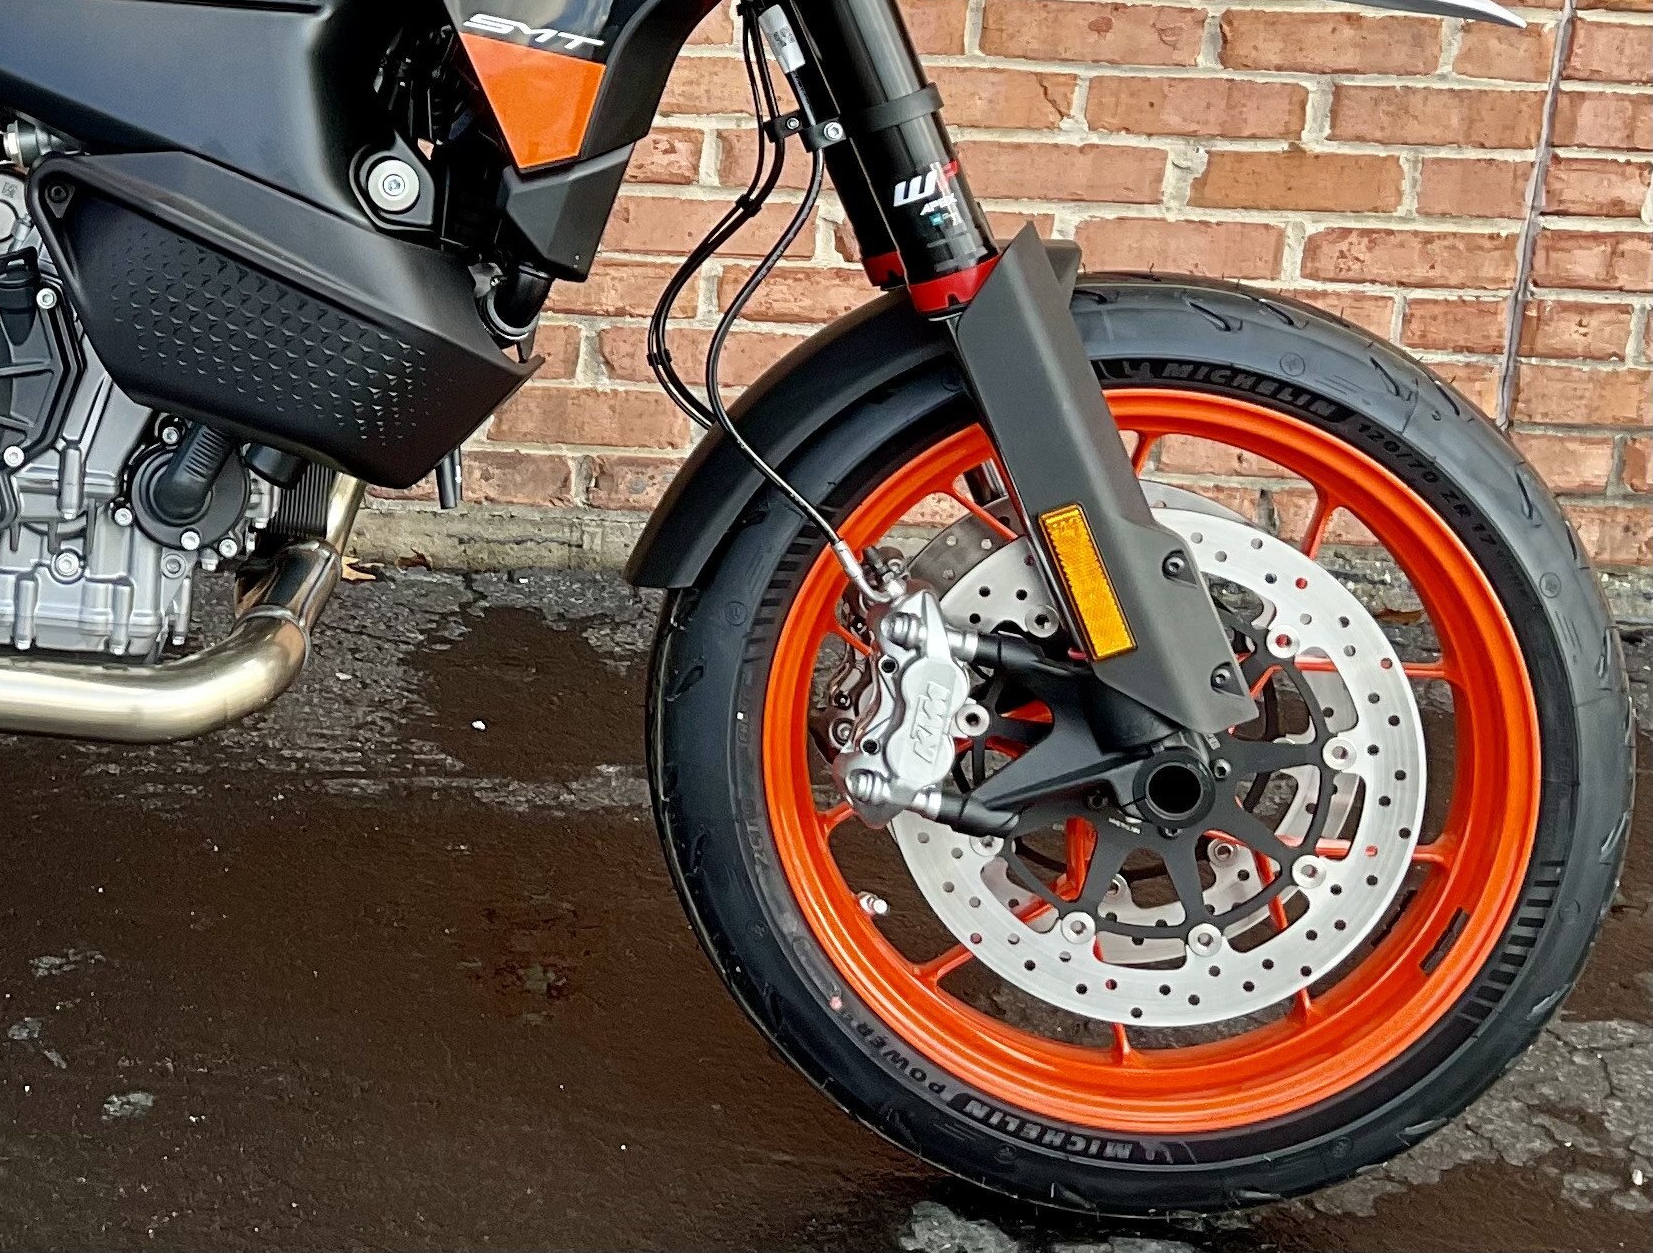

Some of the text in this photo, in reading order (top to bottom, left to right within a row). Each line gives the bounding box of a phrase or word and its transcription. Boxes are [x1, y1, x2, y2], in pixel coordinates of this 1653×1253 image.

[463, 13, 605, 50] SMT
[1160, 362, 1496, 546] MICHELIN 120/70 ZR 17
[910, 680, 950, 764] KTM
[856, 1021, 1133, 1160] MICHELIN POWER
• • • • •
WHAT THIS TASK INVOLVES ▸
Every line above is to be reproduced verbatim, and the pictures are to be omitted.

YOUR RESPONSE ▸
Some of the text in this photo, in reading order (top to bottom, left to right within a row). Each line gives the bounding box of a phrase or word and its transcription. Boxes are [x1, y1, x2, y2], in pixel coordinates of this 1653×1253 image.

[463, 13, 605, 50] SMT
[1160, 362, 1496, 546] MICHELIN 120/70 ZR 17
[910, 680, 950, 764] KTM
[856, 1021, 1133, 1160] MICHELIN POWER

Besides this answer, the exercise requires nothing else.